Product engineering service can be elaborated as an engineering consulting activity, which uses various hardware, embedded, software and IT services solution for the designing and development of products. There are different stages of product engineering from inception to the end of the lifecycle of a product.

As a testament to their significance, the global market for these services is projected to witness remarkable growth, reaching a substantial value of $1510.0 billion by 2027. With a robust CAGR of 7.4% from 2022 to 2027, as indicated by the Markets and Markets report, the importance of product engineering services is set to soar in the coming years.

Here are the most asked questions about product engineering services –

1. What is Product Engineering?

Product engineering is about developing an idea into a commercially viable product for the market. It refers to a set of processes ranging from product conceptualization to designing, developing, testing, deploying, and later to sustenance and re-engineering. It can cut across different aspects of mechanical, hardware, embedded, and software components of product design. The primary objective of product engineering is to create a product that is reliable, functional, and innovative yet cost-effective. This process requires a multidisciplinary approach, collaboration between teams, and the use of modern tools and technologies to ensure that the final product meets the desired quality standards.

 

What is Product Engineering

 

2. What are the various stages of product engineering?

A typical product engineering stages involve

  • Ideation
  • Feasibility Study / Product Planning
  • Design, Development, and QA
  • Prototyping
  • Manufacturing / Production
  • Sustenance

There are different phases of product engineering from inception to the end of the lifecycle of a product. Read this blog to get a step-by-step understanding of Product Engineering Services 

3. What Is End to End Product Engineering?

End-to-end product engineering refers to a comprehensive approach that covers the entire lifecycle of a product, from its conceptualization and design to development, manufacturing, and even post-production support. It involves the integration of various engineering disciplines, such as hardware, software, embedded systems, and IT services, to create a complete and functional product.

End-to-end product engineering aims to ensure seamless coordination and collaboration across different stages of product development, resulting in a high-quality, market-ready product that meets customer requirements and delivers a superior user experience. It encompasses activities like ideation, prototyping, testing, validation, production, and ongoing support, providing a holistic solution for bringing innovative products to market.

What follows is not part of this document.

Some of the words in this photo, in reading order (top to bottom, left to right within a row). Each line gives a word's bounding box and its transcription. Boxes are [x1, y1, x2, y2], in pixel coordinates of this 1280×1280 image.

Here’s a case study highlighting how eInfochips leveraged its end-to-end product development capabilities to assist a client.-

4. What is Engineering Services Outsourcing (ESO)?

Engineering Services Outsourcing (ESO) refers to the outsourcing of certain product engineering activities, such as product design, prototyping, processes, testing, quality control, product lifecycle management etc. It can even be consultation with specialized product engineering service providers (like eInfochips) to gain the advantage of expertise, cost arbitrage, faster time-to-market and enhanced value engineering etc.

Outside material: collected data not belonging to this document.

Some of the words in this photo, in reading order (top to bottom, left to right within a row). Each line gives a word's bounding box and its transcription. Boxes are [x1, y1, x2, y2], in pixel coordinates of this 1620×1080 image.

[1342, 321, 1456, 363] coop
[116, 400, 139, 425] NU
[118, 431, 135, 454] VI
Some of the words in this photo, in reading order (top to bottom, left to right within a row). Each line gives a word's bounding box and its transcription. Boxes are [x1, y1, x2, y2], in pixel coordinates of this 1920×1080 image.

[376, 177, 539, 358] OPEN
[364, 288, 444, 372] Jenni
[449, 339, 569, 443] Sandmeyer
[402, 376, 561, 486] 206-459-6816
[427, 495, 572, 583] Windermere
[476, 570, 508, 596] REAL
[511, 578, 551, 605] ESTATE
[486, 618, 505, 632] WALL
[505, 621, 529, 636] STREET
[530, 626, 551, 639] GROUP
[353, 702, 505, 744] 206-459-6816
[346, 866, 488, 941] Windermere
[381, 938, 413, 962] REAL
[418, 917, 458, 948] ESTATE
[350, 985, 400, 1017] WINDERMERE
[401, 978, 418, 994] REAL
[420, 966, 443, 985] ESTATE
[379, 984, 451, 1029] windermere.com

5. What is an embedded system?

An embedded system can be defined as a combination of computer hardware and software, which is designed to carry out a specific set of functions within a larger system. As embedded systems are engineered to perform only a defined set of tasks, design engineers can optimize their size, reliability, power consumption, performance, and cost. These systems are developed on a large scale and share expertise across a range of applications and environments. Industry machines, medical equipment, household appliances, cameras, vending machines, wearables, and mobile devices are all examples of devices that use embedded systems.

6. What are the elements of an embedded system?

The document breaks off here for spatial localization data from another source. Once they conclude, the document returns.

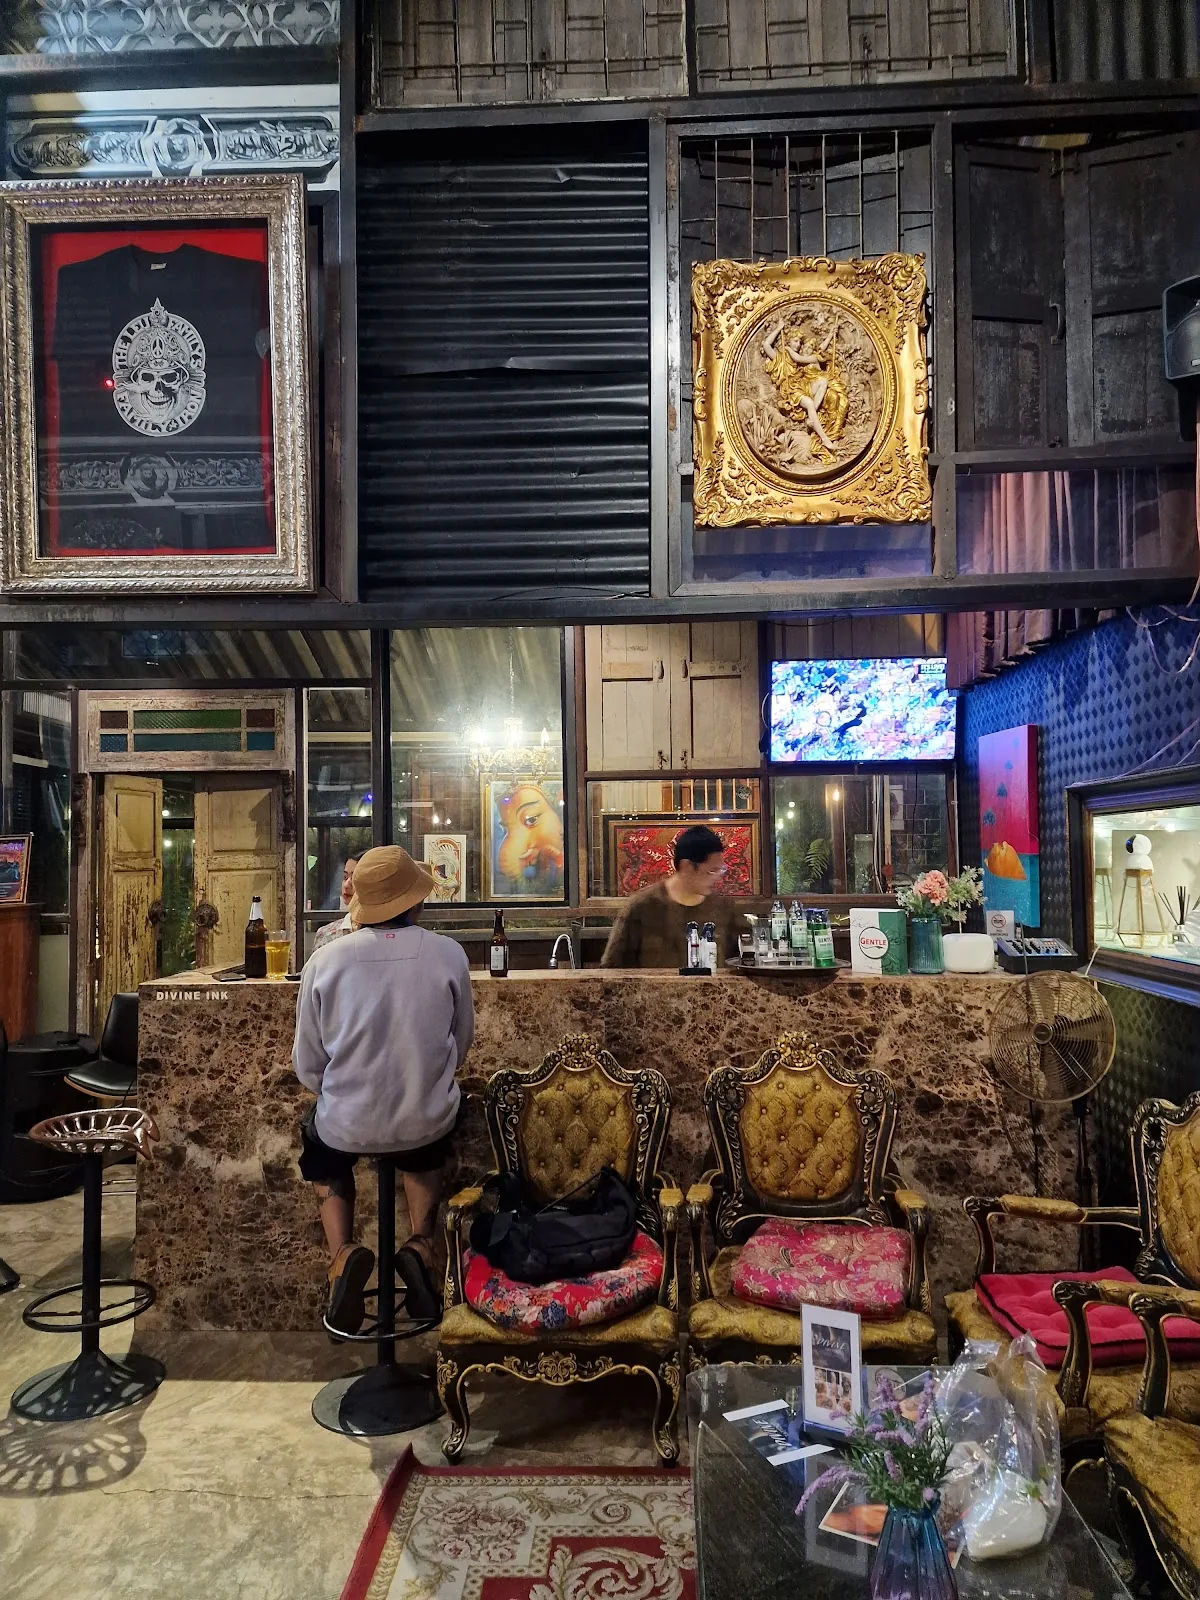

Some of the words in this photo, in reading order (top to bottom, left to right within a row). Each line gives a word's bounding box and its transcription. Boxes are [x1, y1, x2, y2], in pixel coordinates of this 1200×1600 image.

[116, 339, 129, 371] THE
[117, 390, 166, 433] FAMILY
[178, 388, 203, 425] IRON
[860, 937, 887, 946] GENTLE
[156, 991, 201, 1001] DIVINE
[206, 991, 229, 1000] INK

Embedded systems mainly consist of two major elements such as hardware and software.

Hardware elements

When we talk about hardware requirements for embedded systems, it is developed either by using a microcontroller or by using a microprocessor.

  1. Microcontroller: It’s a single integrated circuit based small computer or System on Chip (SoC) which generally includes a processor, integrated memory input/output (I/O) peripheral devices. Microcontrollers are widely used in embedded systems, as it requires lesser external components.
  2. Microprocessor: It is a computer processor on a microchip, which uses external chips for peripheral devices and memory and due to that, it requires more devices on board. Microprocessors are used in large-scale embedded systems.

Software elements

Software is one of the key elements to run the microcontroller of any embedded system. The operating system and software requirements for embedded systems are different from a conventional computer-based system.

  1. Operating system: Standard computer-based systems generally use operating systems like OS X, Windows or GNU/Linux but embedded systems use OS such as LynxOS, VxWorks, BeRTOS, ThreadX, Windows CE, Nucleus RTOS, OSE.
  2. Programming Language: The code for the embedded software is written in some common languages like C or C++ as well as many high-level programming languages like JavaScript, Python, ADA.

7. What are the different things to be considered in embedded hardware design?

On the hardware side, designers need to check the voltage requirements, power availability (know if the system would be always connected to a power source or can run on a battery), the architecture of the controller/processor according to the processing speed and memory available on board. Next step would be to check the ICs for conversion from analog to digital and vice versa. Additionally, designers should also look into network modules if the device is going to be connected to the internet. To put it in simpler words, the steps involved in hardware design vary based on the requirements.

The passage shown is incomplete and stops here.